A Saturday afternoon breakout session at the FPA Retreat 2013 in Palm Springs, Calif., titled “Financial Planning in the Age of Uncertainty: Welcome to the 21st Century!” was a rapid-fire delivery of all the change that is upon us.
“We have to deal with policies and conditions as they are and use our crystal ball for what they’re going to be,” Jetton began. “For instance, you may not agree with the notion of man-made climate change, but you at least have to consider it, because you don’t have a right to your opinion and running with it. You have to consider the possibility you are wrong because the price of not considering it is too great.”
She noted that the chance of being “directly impacted by a terrorist event is one in 28 million, but the chances of being directly impacted by a nature-related event is one in six.”
“It’s because we can put a face on terrorism and the uncertainty it brings, so all the money goes there,” Jetton added. “One in six people still believe Bernie Madoff was the sole cause of the 2008 financial crisis. Why? Because we can put a face to it, so it makes it easier to deal with.”
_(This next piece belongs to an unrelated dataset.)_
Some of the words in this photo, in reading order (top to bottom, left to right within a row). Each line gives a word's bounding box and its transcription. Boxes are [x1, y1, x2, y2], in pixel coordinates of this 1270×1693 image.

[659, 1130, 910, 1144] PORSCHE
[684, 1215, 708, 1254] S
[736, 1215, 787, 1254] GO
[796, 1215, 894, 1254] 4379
In addition to the items mentioned above, she included all of the possible change brought about by demographic shifts, the shift to retirement self-reliance and the shift “from three utilities to what can now be up to 10.”
“So change is coming. I think in 50 years kids will have thumbs that are shaped differently,” she added to laughter.
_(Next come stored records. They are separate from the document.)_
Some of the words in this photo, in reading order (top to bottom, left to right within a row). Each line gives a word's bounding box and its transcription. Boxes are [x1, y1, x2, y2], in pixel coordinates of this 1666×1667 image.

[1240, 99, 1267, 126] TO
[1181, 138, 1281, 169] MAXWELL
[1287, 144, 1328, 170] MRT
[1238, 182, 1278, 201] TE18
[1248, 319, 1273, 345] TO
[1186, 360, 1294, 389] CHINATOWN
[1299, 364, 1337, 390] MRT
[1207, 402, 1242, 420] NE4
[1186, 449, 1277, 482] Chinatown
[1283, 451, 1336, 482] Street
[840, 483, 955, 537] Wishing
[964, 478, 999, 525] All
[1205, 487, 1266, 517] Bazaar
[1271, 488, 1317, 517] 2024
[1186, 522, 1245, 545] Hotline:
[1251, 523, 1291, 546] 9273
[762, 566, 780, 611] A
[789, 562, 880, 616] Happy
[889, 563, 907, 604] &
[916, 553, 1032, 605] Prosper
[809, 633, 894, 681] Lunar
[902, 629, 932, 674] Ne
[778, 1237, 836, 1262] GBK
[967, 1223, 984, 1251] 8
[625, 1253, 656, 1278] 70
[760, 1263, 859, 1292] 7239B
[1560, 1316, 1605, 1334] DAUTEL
Jetton said that although advisors are not experts in “behavior, brains and emotions, this is the world we are living in.”
“It would have been nice 10 or 15 years ago to know that ‘Why?’ questions put clients on the defensive and shut them down emotionally, and that “Tell me about…” questions get them to open up. It would also have been nice to know that some people’s brains derive pleasure from planning and delayed gratification, and others don’t.”
She implored audience members that “if there is one thing you get from this session, it’s why I refer to some planners as ‘20th century planners.’ It’s if you still call it retirement planning. It just doesn’t make sense. You just ripped the joy and fulfillment rug right out from underneath your clients.”
By that, she continued, she believes workers now younger than 40 won’t work and retire, but rather work in clumps—meaning they’ll take sabbaticals and then go back to work.
“I’m fascinated by nanotechnology,” Jetton explained. “It will deliver healing and medicine and synthetic blood to all of us eventually. If clients live to age 120, they’ll get pretty bored with retirement at age 70.”
Echoing a similar complaint made by industry executive Sallie Krawcheck at last week’s Envestnet Advisor Summit in Chicago, Jetton said she’s happy with this “new focus on women, but really, where have we been? Women are not new and they are not a niche.”
Yet as an industry, only 23 percent of the 67,000 CFPs are women, and the number hasn’t changed in 10 or 15 years.
“It’s not whether I’m right or wrong with all of this,” she concluded. “Let’s at least have a conversation. And it might not be a pleasant conversation; it could be tough.”